Still, one woman swam her way to history on August 11, 2016, and her name is Simone Manuel. Manual became the first African-American woman to win an individual event in Olympic swimming. According to the “New York Times,” Simone Manuel and Penny Oleksiak of Canada tied for the fastest time, “an Olympic record in the women’s 100-meter freestyle: 52.70 seconds.”
The “New York Times” quoted Manual saying, “I mean, the gold medal wasn’t just for me. It was for people that came before me and inspired me to stay in the sport.” Important to note: I’m certain Manuel will also go down in history for having the best reaction to winning a gold medal known to humankind.
2. Ibtihaj Muhammad
Another athlete made history at the 2016 Rio Summer Olympics: Ibtihaj Muhammad.
Muhammad won her first Olympic medal in Rio on August 13, 2016, and she also became the first United States athlete to compete at the Olympics wearing a hijab.
Donald Trump’s Islamophobia, such as suggesting a Muslim registry/database or giving them a form of special identification, has allowed Muslim-Americans to feel unsafe in their own country.
Trump’s hate affects Ibtihaj Muhammad as well; she said in an interview, “I feel unsafe all the time. I had someone follow me home from practice and try to report me to police.”
Still, Muhammad also told “Us Weekly” she wants to break cultural norms; I think joining the United States saber fencing team and becoming a bronze medalist is proof that Muslim women have voices and can participate in sports.
3. Tammy Duckworth
Tammy Duckworth lost both her legs serving in the Iraq War in 2004. She also made history on November 8, 2016 when she won back Barack Obama’s former Illinois Senate seat for the Democrats.
Duckworth beat Republican Senator Mark Kirk for his seat in the United States Senate, making her the first woman senator to have seen combat. Also, she was born in Thailand, making her the second Asian-American senator, and the first Thai-American woman in Congress. Duckworth = certified badass.
4. Hillary Clinton
Victoria Woodhull, who believed women should have the right to escape bad marriages and control their own bodies, became the first woman to run for President of the United States (POTUS) in 1872.
Although Hillary Clinton is not the first woman to ever run for POTUS, on July 27, 2016, she became the Democratic Party’s nominee, making her the first woman in United States history to lead the ticket of a major political party.

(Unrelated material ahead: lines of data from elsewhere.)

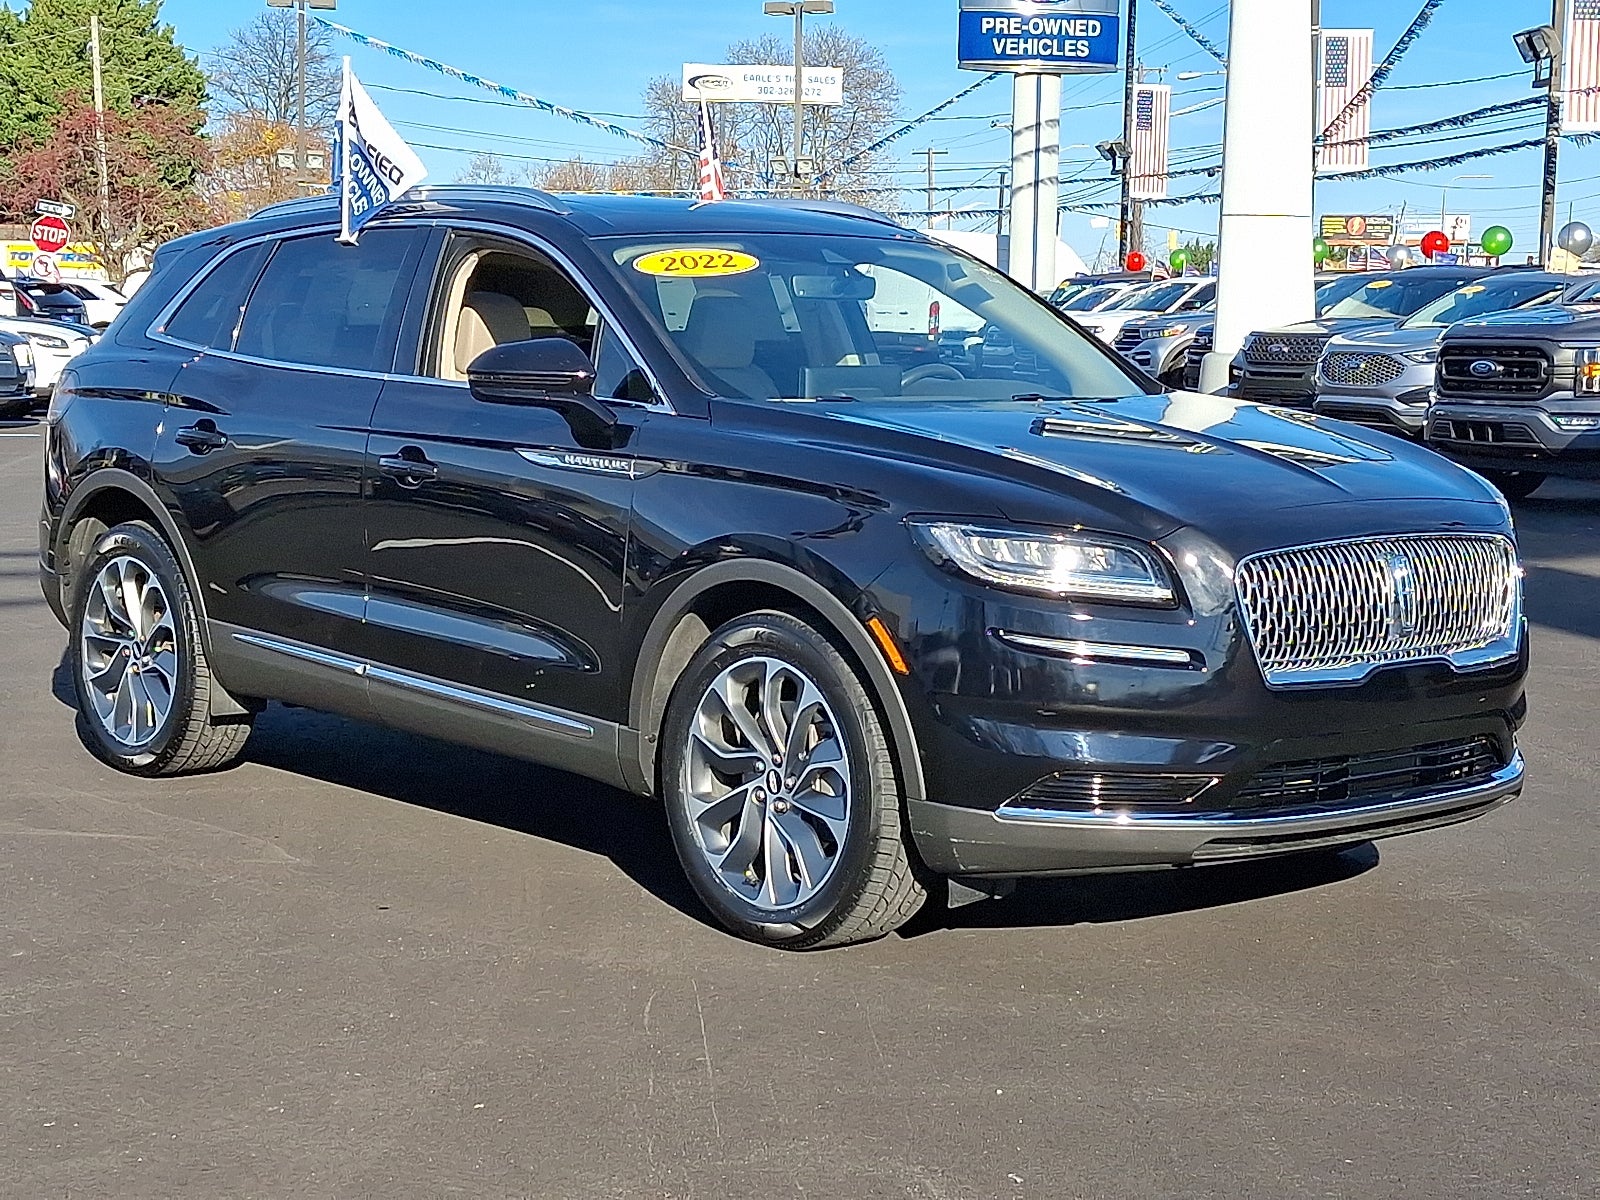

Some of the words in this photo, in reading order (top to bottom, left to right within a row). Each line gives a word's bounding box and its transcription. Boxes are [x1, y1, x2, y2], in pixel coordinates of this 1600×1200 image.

[981, 17, 1101, 37] PRE-OWNED
[992, 38, 1090, 57] VEHICLES
[743, 74, 781, 83] EARLE'S
[807, 76, 836, 85] SALES
[33, 225, 68, 244] STOP
[660, 254, 738, 271] 2022
[564, 454, 629, 470] NAUTILUS

Upon mourning Clinton’s loss, an author for the “Huffington Post” wrote, “We voted because we wanted to see someone like us run our country. Someone who knew what it felt like to walk around in bodies like ours.”
Hillary Clinton won’t become our first woman president, but according to CNN, her nomination “put the biggest crack in the glass ceiling.”

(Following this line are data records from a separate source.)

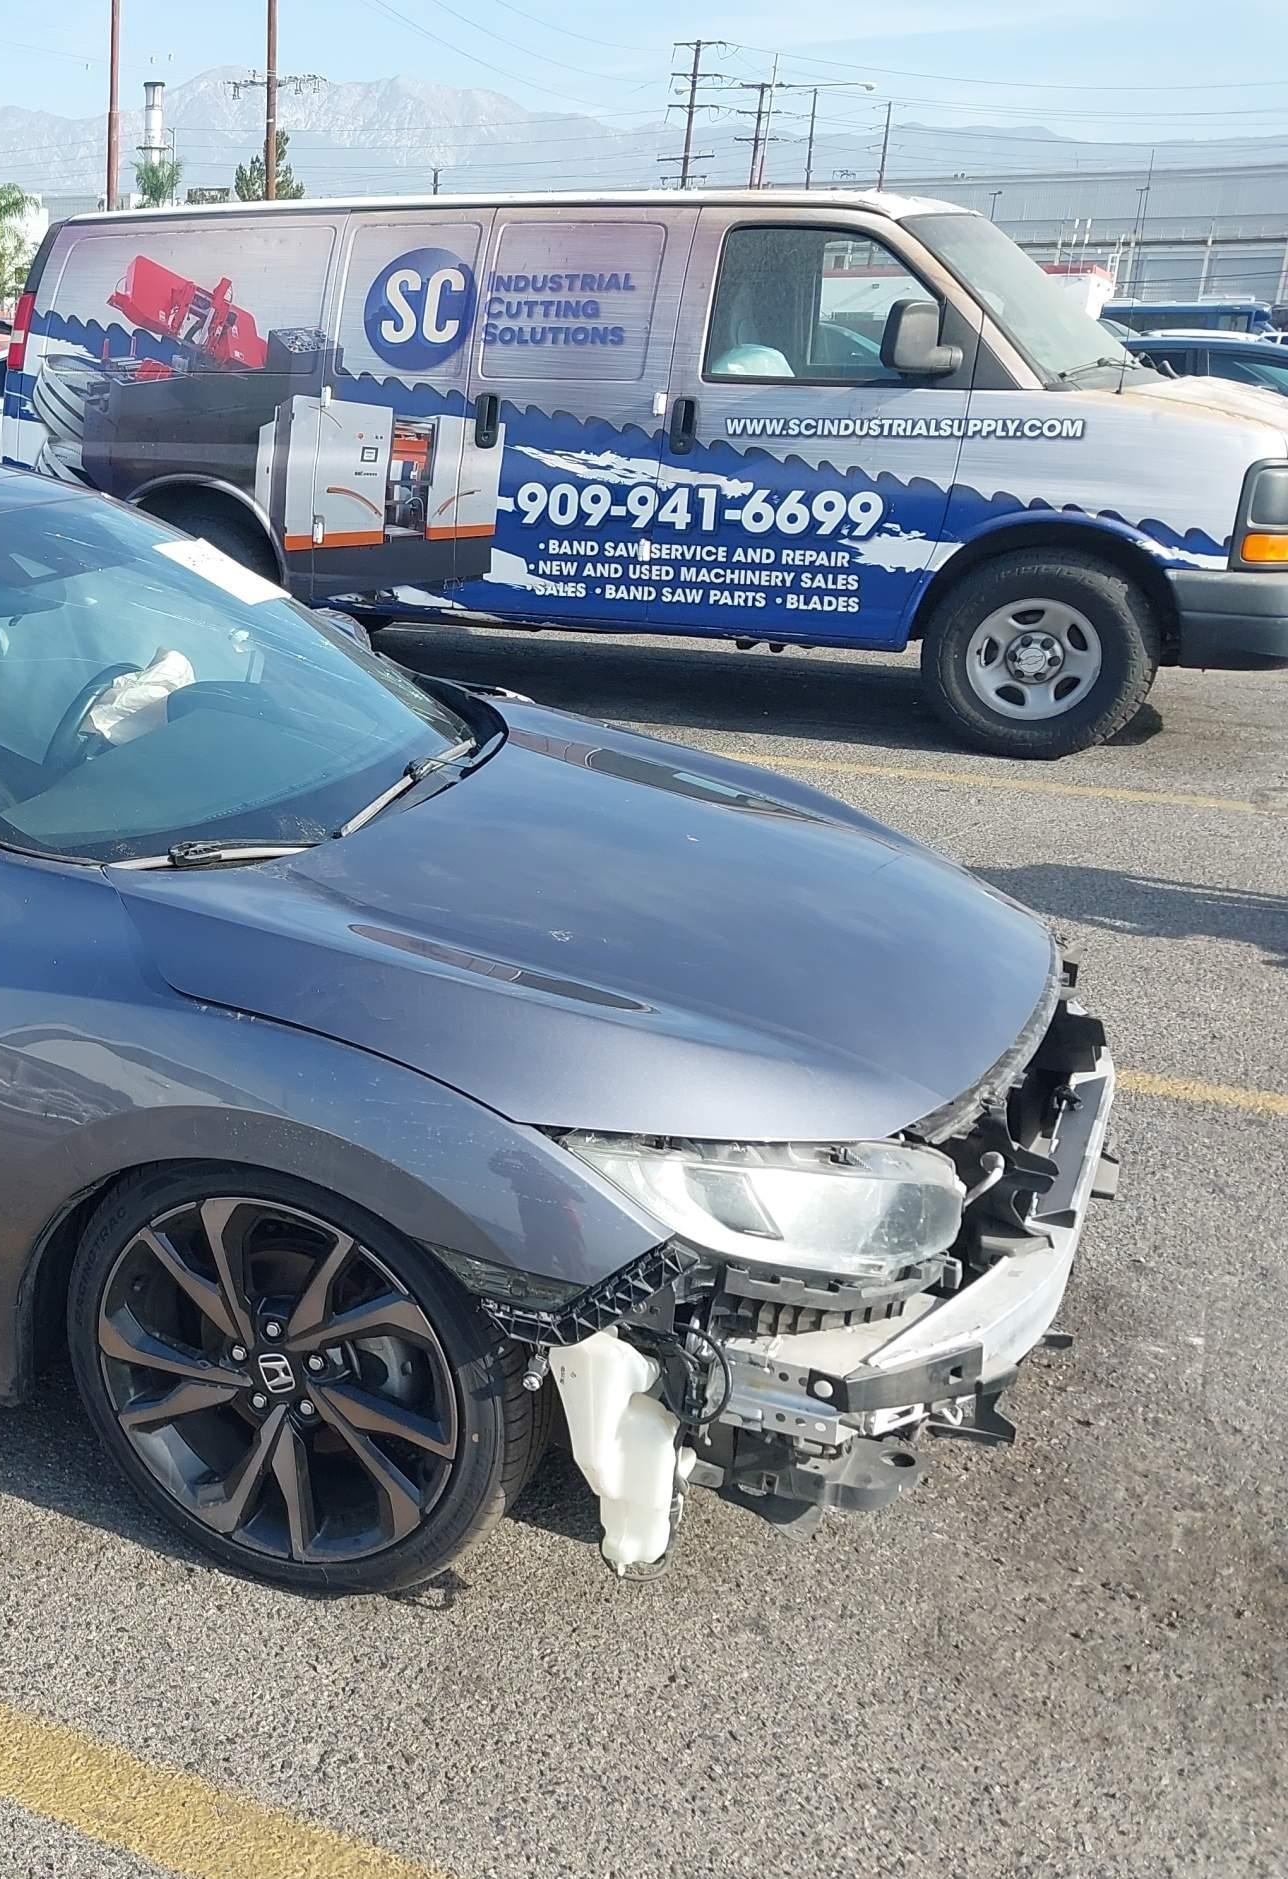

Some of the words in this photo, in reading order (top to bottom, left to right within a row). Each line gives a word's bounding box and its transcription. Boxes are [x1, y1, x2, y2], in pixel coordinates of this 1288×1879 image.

[487, 271, 636, 293] INDUSTRIAL
[381, 269, 465, 344] SC
[485, 296, 601, 319] CUTTING
[482, 322, 625, 346] SOLUTIONS
[725, 418, 1085, 438] WWW.SCINDUSTRIALSUPPLY.COM
[516, 482, 885, 536] 909-941-6699
[548, 539, 599, 556] BAND
[650, 543, 727, 561] SERVICE
[732, 547, 776, 564] AND
[781, 549, 850, 567] REPAIR
[538, 560, 578, 576] NEW
[582, 562, 623, 578] AND
[628, 564, 674, 581] USED
[680, 566, 796, 588] MACHINERY
[800, 572, 859, 591] SALES
[534, 581, 587, 598] SALES
[605, 584, 656, 601] BAND
[661, 587, 704, 604] SAW
[709, 589, 767, 608] PARTS
[785, 593, 860, 613] BLADES

In addition, Clinton’s won the popular vote by more than 2 million votes, and is on track to receive more popular votes than any American President in United States history besides Barack Obama.

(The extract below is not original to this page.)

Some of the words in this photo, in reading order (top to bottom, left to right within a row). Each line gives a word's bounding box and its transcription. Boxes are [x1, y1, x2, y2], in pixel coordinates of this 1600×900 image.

Dylan Marron said in his “Unboxing 2016” video, “Just remember, it’s actually humanity that makes things unbearably shitty, and not an arbitrary assignment of time.”
So, yes, 2016 has sucked, but 2017 will also suck if people aren’t called on their bullshit. Hold people accountable; if you hear someone say something sexist, call them out. Do your part, but don’t forget to celebrate the people who do their best to make the world better and safer for everyone, like the women described above.